In later period, the Greens announced that they did not support corporate tax cuts and were ‘refusing to join a tax cuts arms race that will undermine public education, health and welfare’.[49]

The Nick Xenophon Team’s Policy principles include a policy of supporting a lift in the small business turnover threshold from $2 million to $10 million ‘to encourage agricultural businesses to grow as agricultural output expands from individual businesses’.[50]

Position of major interest groups

Business groups

Business groups have generally welcomed the Government’s proposed company tax rate reductions.

In March 2016, the Business Council of Australia (BCA) proposed a ‘strategy for growth enhancing tax reform’ in a report on tax arrangements that included a move to a uniform company tax rate of 28.5 per cent in the short term, a rate of 25 per cent by 2020 and then a further reduction to 22 per cent by 2025.[51] The BCA’s proposed company tax rate reductions were framed around making the tax system globally competitive and the benefits that would accrue from a cut to the economy and workers (through higher real wages).[52]

Following the 2016–17 Budget, the BCA noted that ‘durable budget repair will not be achieved by increasing the overall tax burden’.[53] In relation to how the rate reduction would be implemented, the BCA noted:

The government’s 10-year enterprise tax plan is the signal that Australia’s businesses need to drive greater investment, and create more jobs, better jobs and higher paid jobs.

It’s an immediate reduction for the small and medium business that need relief now.

For big business, which operates on longer investment cycles, it’s an important signal that their investment will be more competitive down the track.[54]

In their pre-budget submission in February 2016, the Australian Chamber of Commerce and Industry (ACCI) considered that as part of tax reform ‘both sides of politics must commit to lowering the corporate tax rate to an internationally competitive level (currently 25 per cent but potentially lower in the future) by an agreed date’.[55] Following the 2016–17 Budget, the ACCI considered that the announced changes were positive, noting:

With an election looming, this Budget demonstrates that good policy can also be good politics.
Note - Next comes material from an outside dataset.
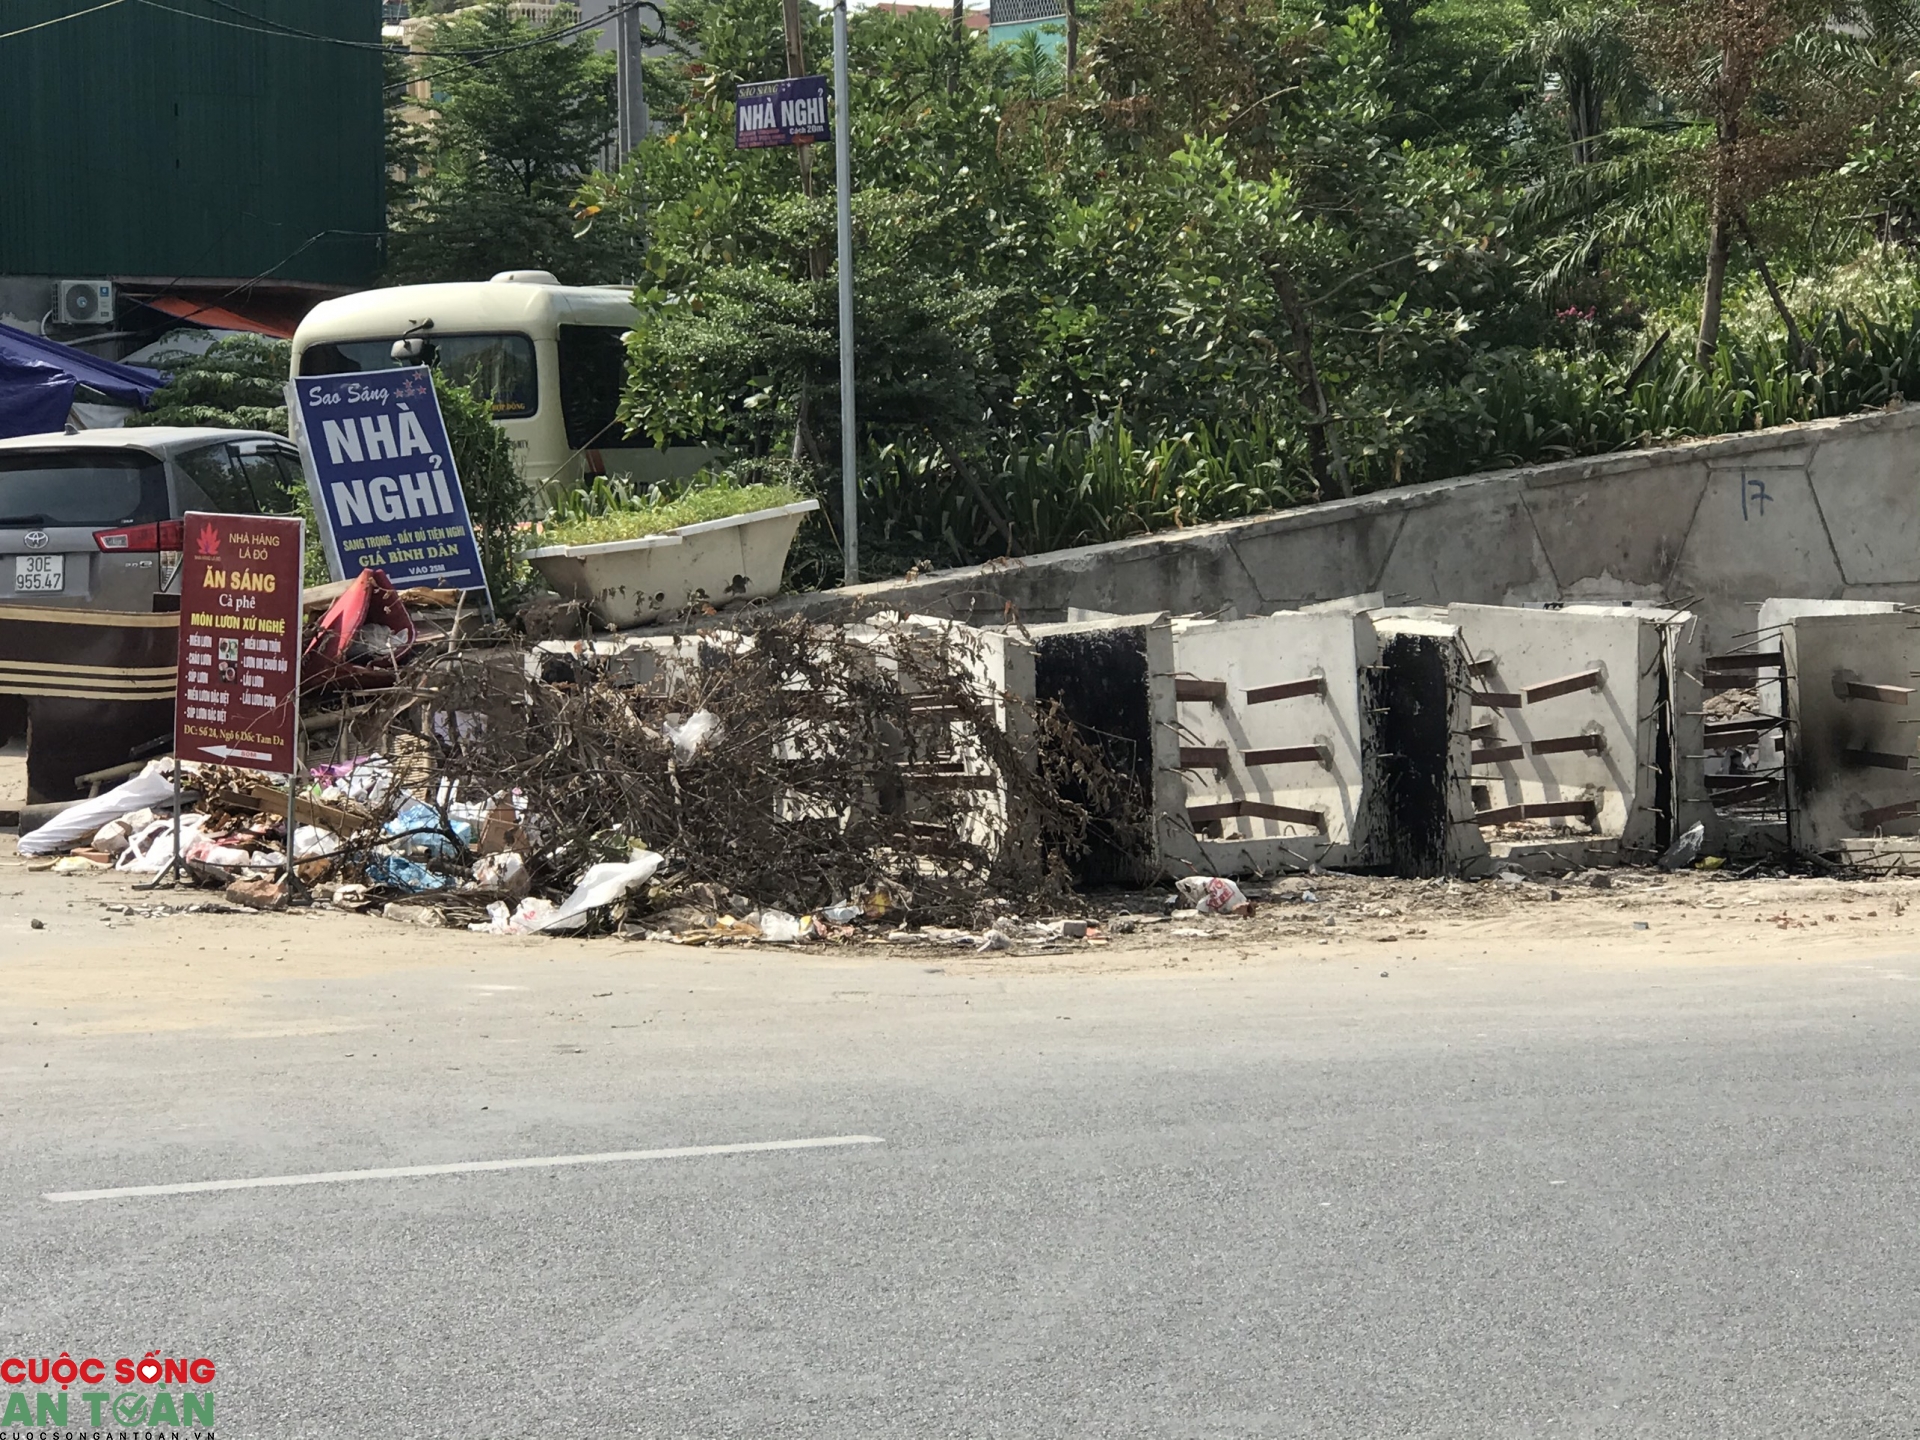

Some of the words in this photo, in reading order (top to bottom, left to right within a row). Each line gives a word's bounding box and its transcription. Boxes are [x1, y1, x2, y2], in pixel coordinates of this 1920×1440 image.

The glide path to a company tax rate of 25 per cent by 2026–27 will make Australia a more appealing destination for international investors and will encourage Australians to develop their enterprises at home. The improved productivity from these new investments will create more and better paying jobs, ensuring that much of the benefit will flow to households.[56]

The Australian Industry Group (AIG) welcomed the proposed changes following the 2016–17 Budget, stating:

In an important boost to the capacity of businesses to invest and create jobs, the Budget sets a gradual path to restore the competitiveness of Australia's company tax system. While the two-tiered company tax system will continue for a number of years and it will be a decade before the company tax rate will reach 25%, many small to medium-sized businesses will see more immediate benefits and face improved incentives to invest. The clear risk involved in such a gradual phase down is that the international competitiveness benchmark could well be closer to 20% by 2026-27.[57]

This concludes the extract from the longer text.